I smiled at her, intrigued. “Anything forbidden reminds me of our time in Berlin. Do you remember when we skated at the ice rink wearing nothing but a pair of earmuffs?”

To my surprise, she retained a stern look on her pretty face. “Is that all you think about is having fun?”

“What else is there?” I said in a flippant manner, trying to ease the tension between us.

“My dear Eve, you’ve been living in your dreamworld too long.” Maxi ran her fingers through her scruffy short dark hair and raised her pencil-thin brows in an act of despair. “I was referring to the rearmament of Germany. Such things are forbidden under the terms of the Treaty of Versailles.”

“Then
why
do you photograph the factories?” I asked, admiring her red leather pumps from Italy. She’d purchased them on a trip to photograph Hitler with Mussolini.

“You don’t understand, Eve, if I don’t do as I’m told, my father will suffer.”

“That’s absurd, Maxi.” I slipped on the high-heeled pumps and pranced around the room. They fit perfectly. “What does your father have to do with your work?”

She lit a cigarette, then took a few puffs before answering me, as if she was deciding what to say. “My father has…different views about how the country should be run.”

“So?”

“Things have changed in Germany, Eve,” she said in a whisper, as if she feared being overheard. “I’ve heard rumors they may send him to a labor camp.”

“Labor camp? What’s that?”

“Where they send anyone who doesn’t agree with Hitler and his cronies.” She paused. “No one ever comes back.”
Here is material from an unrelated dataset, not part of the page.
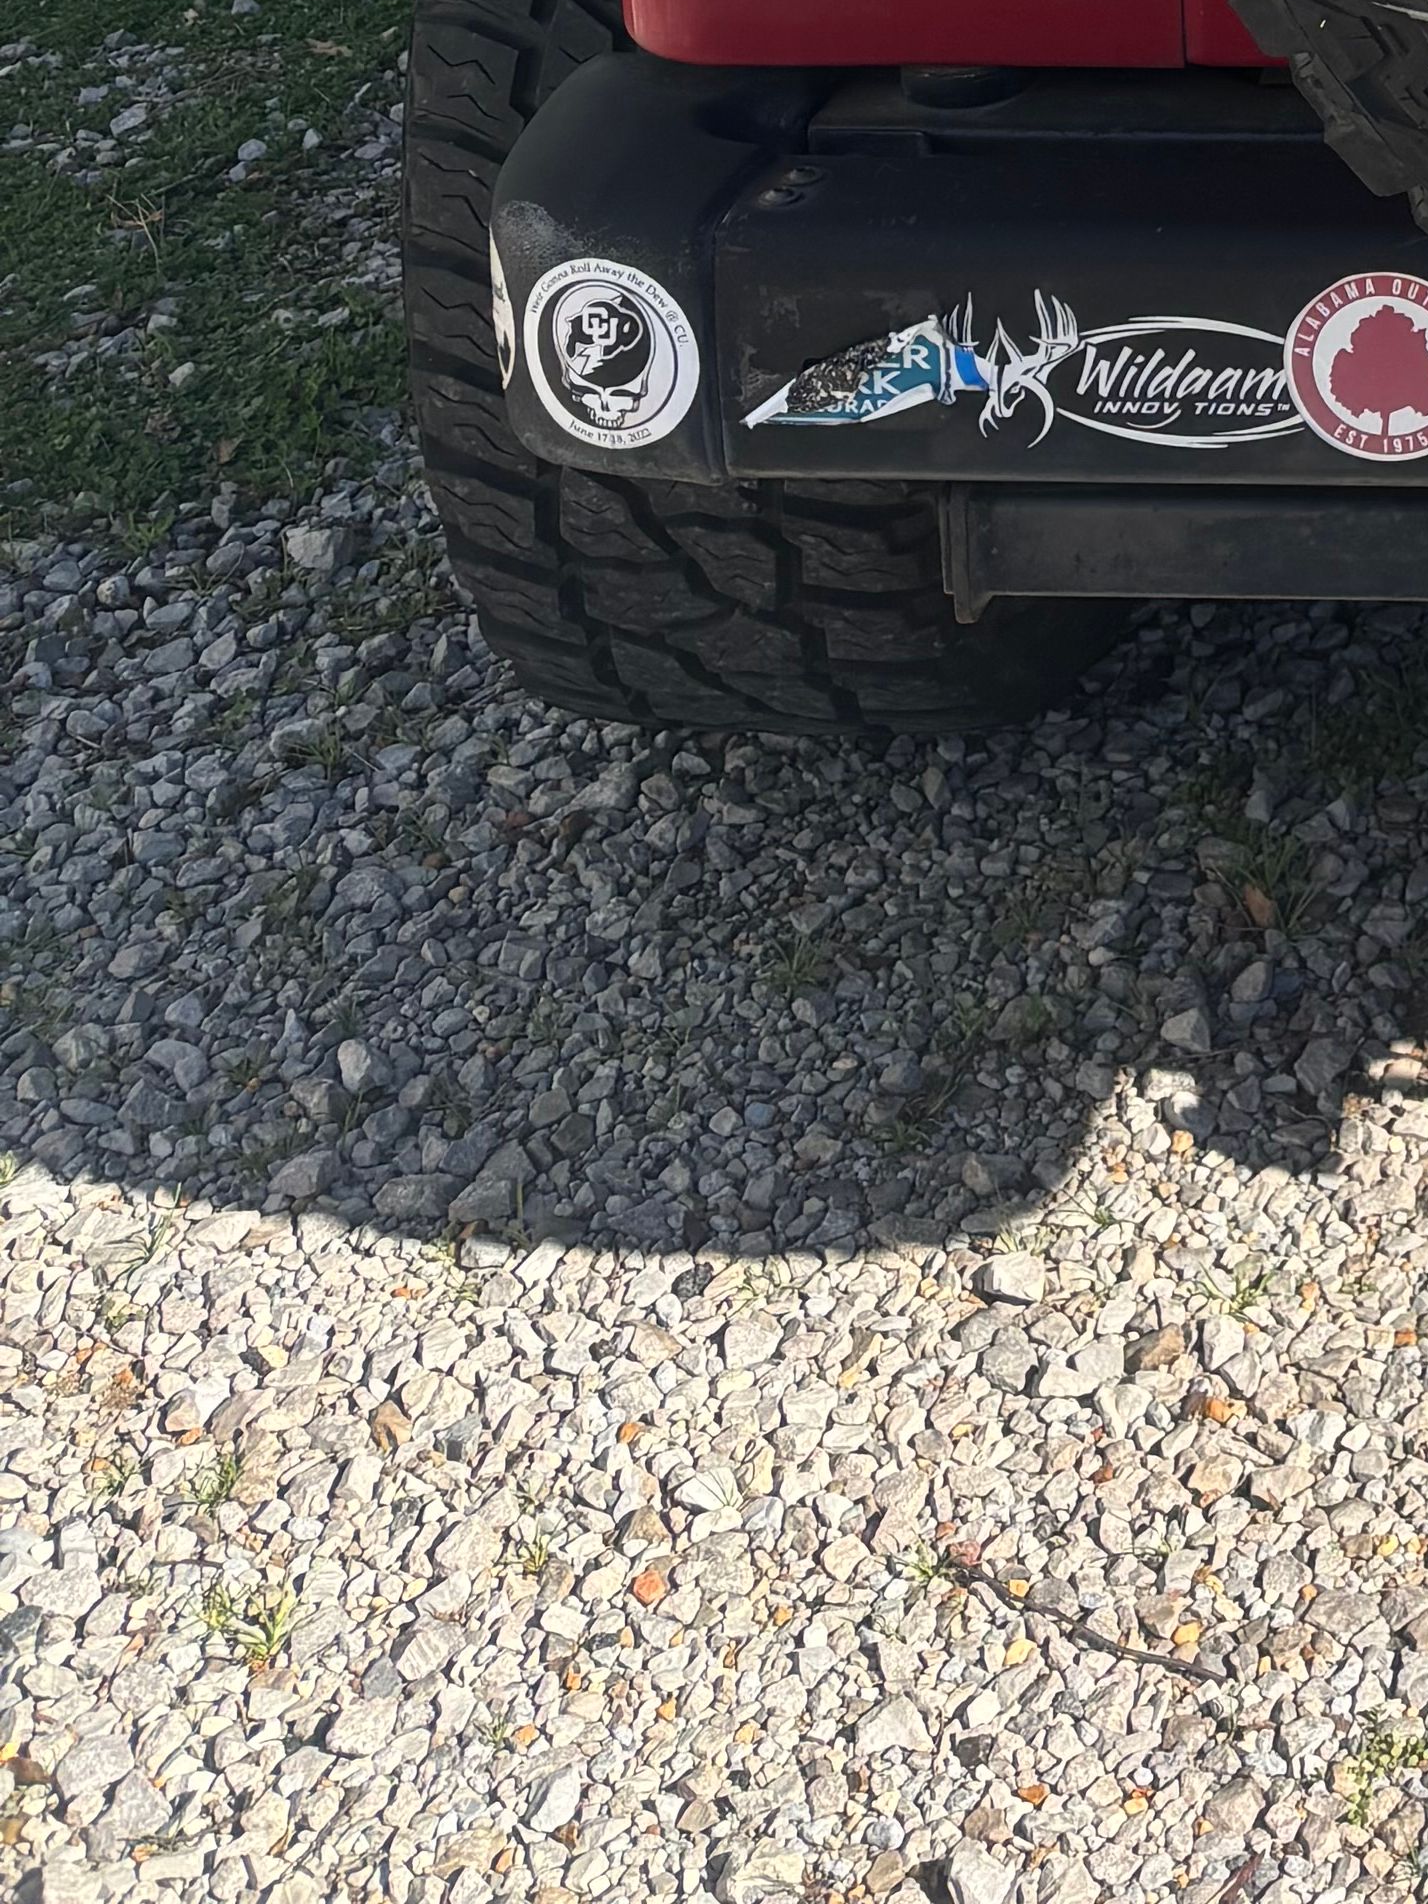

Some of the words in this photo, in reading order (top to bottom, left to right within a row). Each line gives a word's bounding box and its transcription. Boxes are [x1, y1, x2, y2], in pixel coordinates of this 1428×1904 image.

“Enough of your Hitler and his silly work camps.” I put my arm around her shoulders, determined she have a good time while she was here. “Let’s have tea. Then I shall take you to the Cleopatra Club for an evening you won’t forget.”

 

I assure you, dear reader, I paid scant attention to her rant, involving myself more with what picture shows she’d seen or what shade of red lipstick was
en vogue,
and could I borrow a pair of silk stockings? Mine were in such disarray. With Ramzi pulling them up and sliding them down at frequent intervals, I said, they snagged easily.

Who was this Ramzi?
she wanted to know. I assured Maxi that she would meet him. Her reaction surprised me. Shy, distant, she barely spoke to him when I introduced them at the club. Later I realized why. His charm didn’t work on her. I had forgotten Maxi suffered from an insecurity around men. Especially a wildly handsome man like Ramzi. She was more comfortable with the underworld types she knew in Berlin (like her murder-crazed psychologist). This had the effect of her concentrating her desire, her body movements, her
sexual need,
all
with her camera. So while she draped her persona in bold Teutonic strokes, all artistic, avant-garde, she spoke only with her camera lens. She was a great artist and as such, revealed herself in her work, exhibiting the hypnotic brilliance of a woman who pierced through her shyness to trap a man by appealing to his ego.

Ramzi was no exception.

 

“Turn your head this way, yes, that’s it, just a little more.”
Click. Click.
Camera in hand, Maxi circled the Egyptian, catching his handsome features in a flattering angle from the overhead spotlight. “Open your shirt collar, more, yes, that’s it. Perfect.”
Click.

“Who
is
this woman?” Ramzi turned to me, his dark eyes questioning, but he didn’t retreat.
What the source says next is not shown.